All sounds on this album were derived from location recordings, like the Pacific Ocean, a steel sheet cutter, a waterfall, footsteps in a tunnel, a large electrical transformer, a jetliner cabin, running water, and a night-time walk on the beach. To achieve the music, signal processing was utilized. So...the tunes are harmonic constructions without peppy melodies of discernible rhythms.

The pieces are moody soundscapes, possessing environmental hints amid fogs of serene sounds. Textural layers undulate to achieve an atmospheric demeanor punctuated by additional tones and effects.

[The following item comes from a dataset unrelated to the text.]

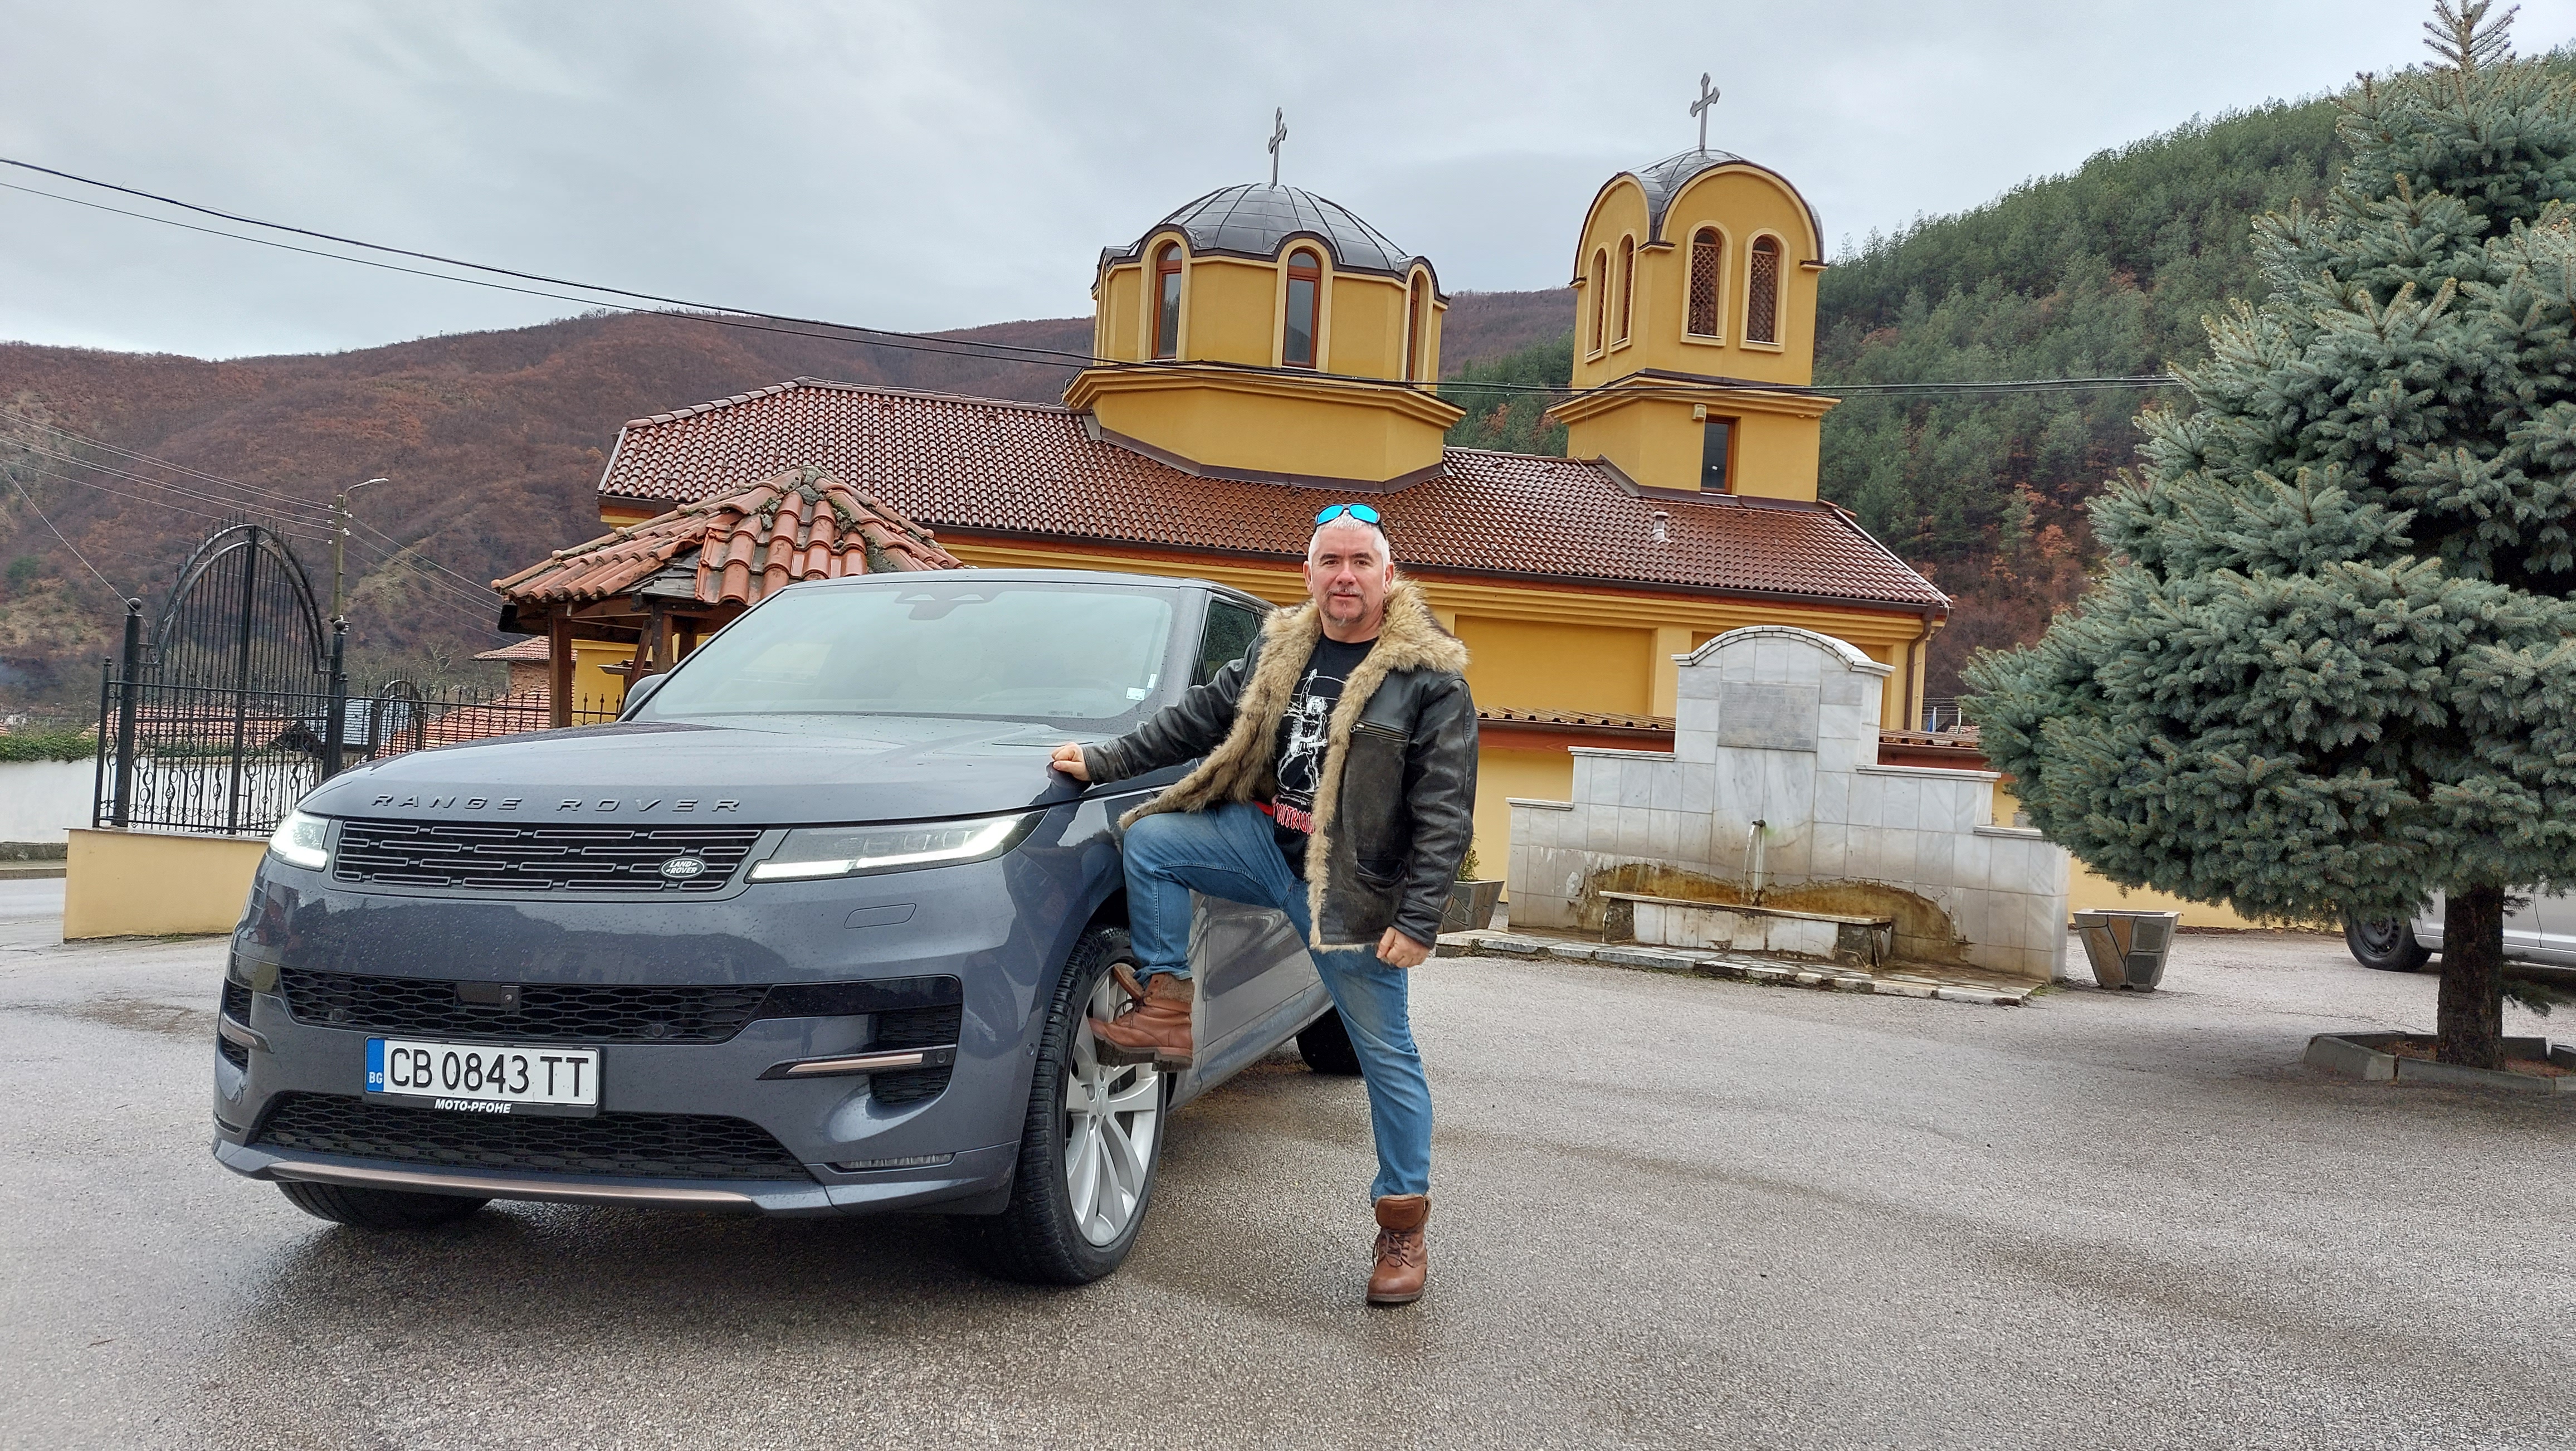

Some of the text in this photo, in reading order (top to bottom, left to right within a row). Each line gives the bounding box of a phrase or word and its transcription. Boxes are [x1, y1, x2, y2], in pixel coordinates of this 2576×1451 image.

[371, 793, 740, 812] RANGE ROVER
[368, 1071, 383, 1084] BG
[390, 1048, 589, 1097] CB 0843 TT
[434, 1098, 511, 1114] MOTO-PFOHE

Those additional elements maintain a soporific character, gentle and ephemeral, waves that cascade with languid substantiality.

These natural tonalities retain little of their original presence, having been transformed into a series of resonant aspects that exude an otherworldly disposition. The sounds drift like vaporous configurations, blending with each other to engender fragile oscillations. These oscillations waft with breathy delivery, generating an expansive aerial tide of softly roiling emanations.

A softly grinding (periodically rotary) sound provides an edgy undercurrent to some of the tracks, establishing an eerie presence.

These harmonic compositions are ethereal and often elusive. Their flow is evenly crafted with appropriate highs and lows generating an emotional mien. Example: the “Gravity” track, while airy and tenuous, exhibits a distinct sonic pressure that approximates weight. The delicate sensibilities embodied in this music are temperate and soothing, delivering an ambience rich with sedative properties that at the same time produce a subtle psychic invigoration."